WHAT YOU ARE ASKED TO DO: Print every line below exactly as written, but leave the pictures behind.
(EXTRACTED ENTRIES begins)
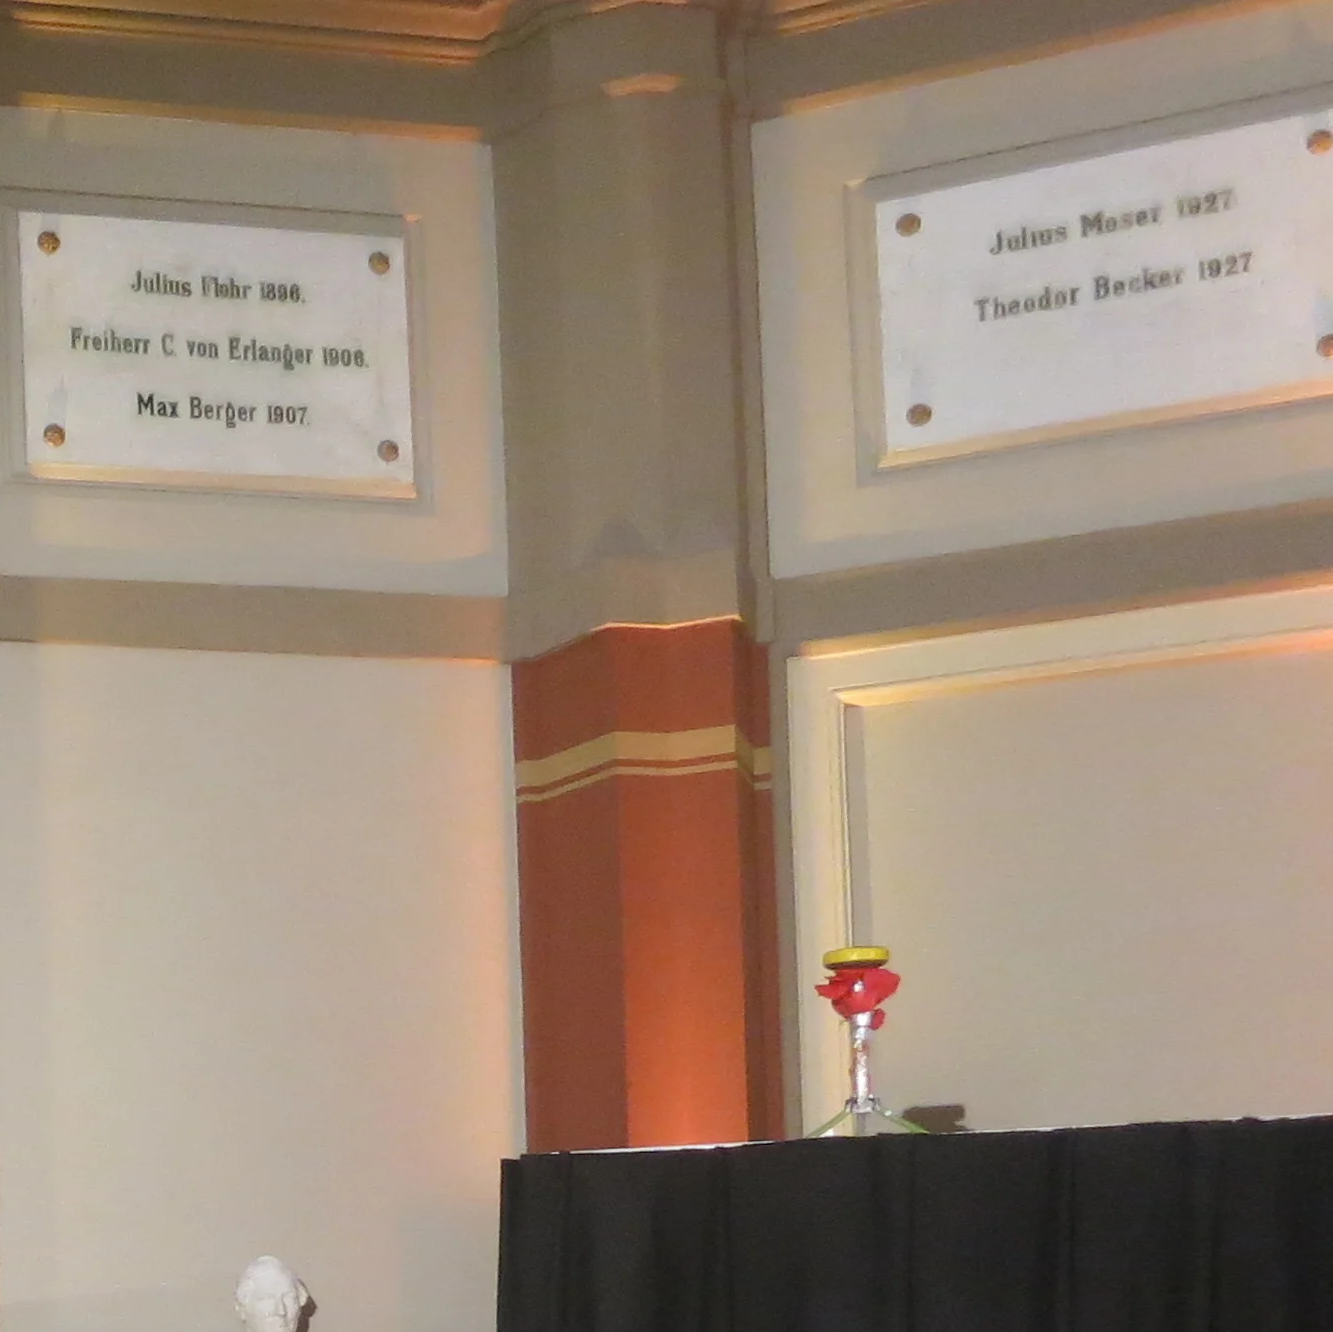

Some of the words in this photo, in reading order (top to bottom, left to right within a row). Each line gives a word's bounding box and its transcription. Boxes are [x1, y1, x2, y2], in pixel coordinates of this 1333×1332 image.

[989, 225, 1069, 256] Julius
[130, 269, 193, 298] Julius
[973, 284, 1081, 322] Theodor
[1093, 266, 1185, 301] Becker
[1198, 250, 1253, 281] 1927
[69, 326, 151, 355] Freiherr
[186, 339, 219, 359] von
[228, 335, 314, 371] Erlanger
[136, 391, 180, 418] Max
[189, 395, 257, 429] Berger
(EXTRACTED ENTRIES ends)
ANSWER FOR THE TASK:
Some of the words in this photo, in reading order (top to bottom, left to right within a row). Each line gives a word's bounding box and its transcription. Boxes are [x1, y1, x2, y2], in pixel coordinates of this 1333×1332 image.

[989, 225, 1069, 256] Julius
[130, 269, 193, 298] Julius
[973, 284, 1081, 322] Theodor
[1093, 266, 1185, 301] Becker
[1198, 250, 1253, 281] 1927
[69, 326, 151, 355] Freiherr
[186, 339, 219, 359] von
[228, 335, 314, 371] Erlanger
[136, 391, 180, 418] Max
[189, 395, 257, 429] Berger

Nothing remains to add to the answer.